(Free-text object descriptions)
◆ ◆ ◆ ◆ ◆ ◆ ◆

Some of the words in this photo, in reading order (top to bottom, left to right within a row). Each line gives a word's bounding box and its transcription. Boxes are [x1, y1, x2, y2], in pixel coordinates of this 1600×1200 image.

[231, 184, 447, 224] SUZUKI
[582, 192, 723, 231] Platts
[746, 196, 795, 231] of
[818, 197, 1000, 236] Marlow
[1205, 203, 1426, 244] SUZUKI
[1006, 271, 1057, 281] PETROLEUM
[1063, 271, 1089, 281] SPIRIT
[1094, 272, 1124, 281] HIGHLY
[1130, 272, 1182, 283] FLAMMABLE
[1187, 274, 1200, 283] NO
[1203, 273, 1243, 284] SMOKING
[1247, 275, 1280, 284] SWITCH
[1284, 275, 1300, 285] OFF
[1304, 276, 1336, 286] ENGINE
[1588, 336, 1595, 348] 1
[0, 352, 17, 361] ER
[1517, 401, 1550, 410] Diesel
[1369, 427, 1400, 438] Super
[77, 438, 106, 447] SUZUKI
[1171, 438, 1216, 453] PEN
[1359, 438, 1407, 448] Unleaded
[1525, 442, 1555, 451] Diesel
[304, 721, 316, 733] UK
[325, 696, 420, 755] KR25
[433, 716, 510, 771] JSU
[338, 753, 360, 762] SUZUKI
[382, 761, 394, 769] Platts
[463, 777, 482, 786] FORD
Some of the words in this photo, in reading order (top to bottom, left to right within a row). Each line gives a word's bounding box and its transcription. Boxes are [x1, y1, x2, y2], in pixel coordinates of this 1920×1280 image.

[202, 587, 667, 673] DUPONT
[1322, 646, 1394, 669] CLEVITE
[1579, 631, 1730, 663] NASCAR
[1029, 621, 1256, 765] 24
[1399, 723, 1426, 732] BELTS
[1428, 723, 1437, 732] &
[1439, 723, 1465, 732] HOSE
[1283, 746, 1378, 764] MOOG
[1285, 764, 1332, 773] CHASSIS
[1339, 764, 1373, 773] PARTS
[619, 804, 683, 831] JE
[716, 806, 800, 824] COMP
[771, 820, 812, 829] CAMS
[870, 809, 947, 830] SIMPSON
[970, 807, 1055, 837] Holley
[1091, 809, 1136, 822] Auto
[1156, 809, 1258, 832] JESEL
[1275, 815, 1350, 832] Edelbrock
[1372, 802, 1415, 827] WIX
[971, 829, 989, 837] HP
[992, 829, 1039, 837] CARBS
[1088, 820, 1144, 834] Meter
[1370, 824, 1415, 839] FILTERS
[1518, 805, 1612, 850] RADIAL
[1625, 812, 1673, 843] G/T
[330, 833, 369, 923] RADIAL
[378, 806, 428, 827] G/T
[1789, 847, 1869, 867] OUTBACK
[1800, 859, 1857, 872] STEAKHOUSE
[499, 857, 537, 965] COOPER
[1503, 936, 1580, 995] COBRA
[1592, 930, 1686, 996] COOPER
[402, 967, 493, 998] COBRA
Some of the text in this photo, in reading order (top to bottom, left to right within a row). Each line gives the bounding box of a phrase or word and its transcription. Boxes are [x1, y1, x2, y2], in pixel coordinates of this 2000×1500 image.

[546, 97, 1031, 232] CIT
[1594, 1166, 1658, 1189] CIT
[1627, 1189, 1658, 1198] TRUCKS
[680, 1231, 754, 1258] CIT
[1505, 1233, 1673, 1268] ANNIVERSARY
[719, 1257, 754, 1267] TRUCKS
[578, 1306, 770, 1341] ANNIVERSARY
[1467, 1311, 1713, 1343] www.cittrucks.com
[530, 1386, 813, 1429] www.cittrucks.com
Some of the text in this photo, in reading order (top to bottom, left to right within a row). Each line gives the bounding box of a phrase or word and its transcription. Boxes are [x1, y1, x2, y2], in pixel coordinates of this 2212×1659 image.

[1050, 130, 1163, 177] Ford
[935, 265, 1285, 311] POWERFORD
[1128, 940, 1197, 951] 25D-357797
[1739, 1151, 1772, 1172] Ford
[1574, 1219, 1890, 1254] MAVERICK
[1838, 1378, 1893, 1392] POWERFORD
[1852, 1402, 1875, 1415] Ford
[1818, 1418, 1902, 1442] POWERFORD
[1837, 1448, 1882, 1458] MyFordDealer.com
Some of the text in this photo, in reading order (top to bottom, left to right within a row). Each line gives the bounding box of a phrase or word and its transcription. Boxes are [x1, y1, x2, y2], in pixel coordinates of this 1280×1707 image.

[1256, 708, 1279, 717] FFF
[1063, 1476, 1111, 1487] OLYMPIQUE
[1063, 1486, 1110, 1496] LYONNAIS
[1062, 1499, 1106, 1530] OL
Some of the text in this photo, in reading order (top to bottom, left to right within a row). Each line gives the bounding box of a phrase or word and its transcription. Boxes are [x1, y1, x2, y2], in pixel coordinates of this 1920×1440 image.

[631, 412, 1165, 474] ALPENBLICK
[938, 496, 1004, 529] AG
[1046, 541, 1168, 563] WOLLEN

◆ ◆ ◆ ◆ ◆ ◆ ◆

• PROMPT: All of the records must be retyped exactly as they are.

• OUTPUT:
Some of the words in this photo, in reading order (top to bottom, left to right within a row). Each line gives a word's bounding box and its transcription. Boxes are [x1, y1, x2, y2], in pixel coordinates of this 1600×1200 image.

[231, 184, 447, 224] SUZUKI
[582, 192, 723, 231] Platts
[746, 196, 795, 231] of
[818, 197, 1000, 236] Marlow
[1205, 203, 1426, 244] SUZUKI
[1006, 271, 1057, 281] PETROLEUM
[1063, 271, 1089, 281] SPIRIT
[1094, 272, 1124, 281] HIGHLY
[1130, 272, 1182, 283] FLAMMABLE
[1187, 274, 1200, 283] NO
[1203, 273, 1243, 284] SMOKING
[1247, 275, 1280, 284] SWITCH
[1284, 275, 1300, 285] OFF
[1304, 276, 1336, 286] ENGINE
[1588, 336, 1595, 348] 1
[0, 352, 17, 361] ER
[1517, 401, 1550, 410] Diesel
[1369, 427, 1400, 438] Super
[77, 438, 106, 447] SUZUKI
[1171, 438, 1216, 453] PEN
[1359, 438, 1407, 448] Unleaded
[1525, 442, 1555, 451] Diesel
[304, 721, 316, 733] UK
[325, 696, 420, 755] KR25
[433, 716, 510, 771] JSU
[338, 753, 360, 762] SUZUKI
[382, 761, 394, 769] Platts
[463, 777, 482, 786] FORD
Some of the words in this photo, in reading order (top to bottom, left to right within a row). Each line gives a word's bounding box and its transcription. Boxes are [x1, y1, x2, y2], in pixel coordinates of this 1920×1280 image.

[202, 587, 667, 673] DUPONT
[1322, 646, 1394, 669] CLEVITE
[1579, 631, 1730, 663] NASCAR
[1029, 621, 1256, 765] 24
[1399, 723, 1426, 732] BELTS
[1428, 723, 1437, 732] &
[1439, 723, 1465, 732] HOSE
[1283, 746, 1378, 764] MOOG
[1285, 764, 1332, 773] CHASSIS
[1339, 764, 1373, 773] PARTS
[619, 804, 683, 831] JE
[716, 806, 800, 824] COMP
[771, 820, 812, 829] CAMS
[870, 809, 947, 830] SIMPSON
[970, 807, 1055, 837] Holley
[1091, 809, 1136, 822] Auto
[1156, 809, 1258, 832] JESEL
[1275, 815, 1350, 832] Edelbrock
[1372, 802, 1415, 827] WIX
[971, 829, 989, 837] HP
[992, 829, 1039, 837] CARBS
[1088, 820, 1144, 834] Meter
[1370, 824, 1415, 839] FILTERS
[1518, 805, 1612, 850] RADIAL
[1625, 812, 1673, 843] G/T
[330, 833, 369, 923] RADIAL
[378, 806, 428, 827] G/T
[1789, 847, 1869, 867] OUTBACK
[1800, 859, 1857, 872] STEAKHOUSE
[499, 857, 537, 965] COOPER
[1503, 936, 1580, 995] COBRA
[1592, 930, 1686, 996] COOPER
[402, 967, 493, 998] COBRA
Some of the text in this photo, in reading order (top to bottom, left to right within a row). Each line gives the bounding box of a phrase or word and its transcription. Boxes are [x1, y1, x2, y2], in pixel coordinates of this 2000×1500 image.

[546, 97, 1031, 232] CIT
[1594, 1166, 1658, 1189] CIT
[1627, 1189, 1658, 1198] TRUCKS
[680, 1231, 754, 1258] CIT
[1505, 1233, 1673, 1268] ANNIVERSARY
[719, 1257, 754, 1267] TRUCKS
[578, 1306, 770, 1341] ANNIVERSARY
[1467, 1311, 1713, 1343] www.cittrucks.com
[530, 1386, 813, 1429] www.cittrucks.com
Some of the text in this photo, in reading order (top to bottom, left to right within a row). Each line gives the bounding box of a phrase or word and its transcription. Boxes are [x1, y1, x2, y2], in pixel coordinates of this 2212×1659 image.

[1050, 130, 1163, 177] Ford
[935, 265, 1285, 311] POWERFORD
[1128, 940, 1197, 951] 25D-357797
[1739, 1151, 1772, 1172] Ford
[1574, 1219, 1890, 1254] MAVERICK
[1838, 1378, 1893, 1392] POWERFORD
[1852, 1402, 1875, 1415] Ford
[1818, 1418, 1902, 1442] POWERFORD
[1837, 1448, 1882, 1458] MyFordDealer.com
Some of the text in this photo, in reading order (top to bottom, left to right within a row). Each line gives the bounding box of a phrase or word and its transcription. Boxes are [x1, y1, x2, y2], in pixel coordinates of this 1280×1707 image.

[1256, 708, 1279, 717] FFF
[1063, 1476, 1111, 1487] OLYMPIQUE
[1063, 1486, 1110, 1496] LYONNAIS
[1062, 1499, 1106, 1530] OL
Some of the text in this photo, in reading order (top to bottom, left to right within a row). Each line gives the bounding box of a phrase or word and its transcription. Boxes are [x1, y1, x2, y2], in pixel coordinates of this 1920×1440 image.

[631, 412, 1165, 474] ALPENBLICK
[938, 496, 1004, 529] AG
[1046, 541, 1168, 563] WOLLEN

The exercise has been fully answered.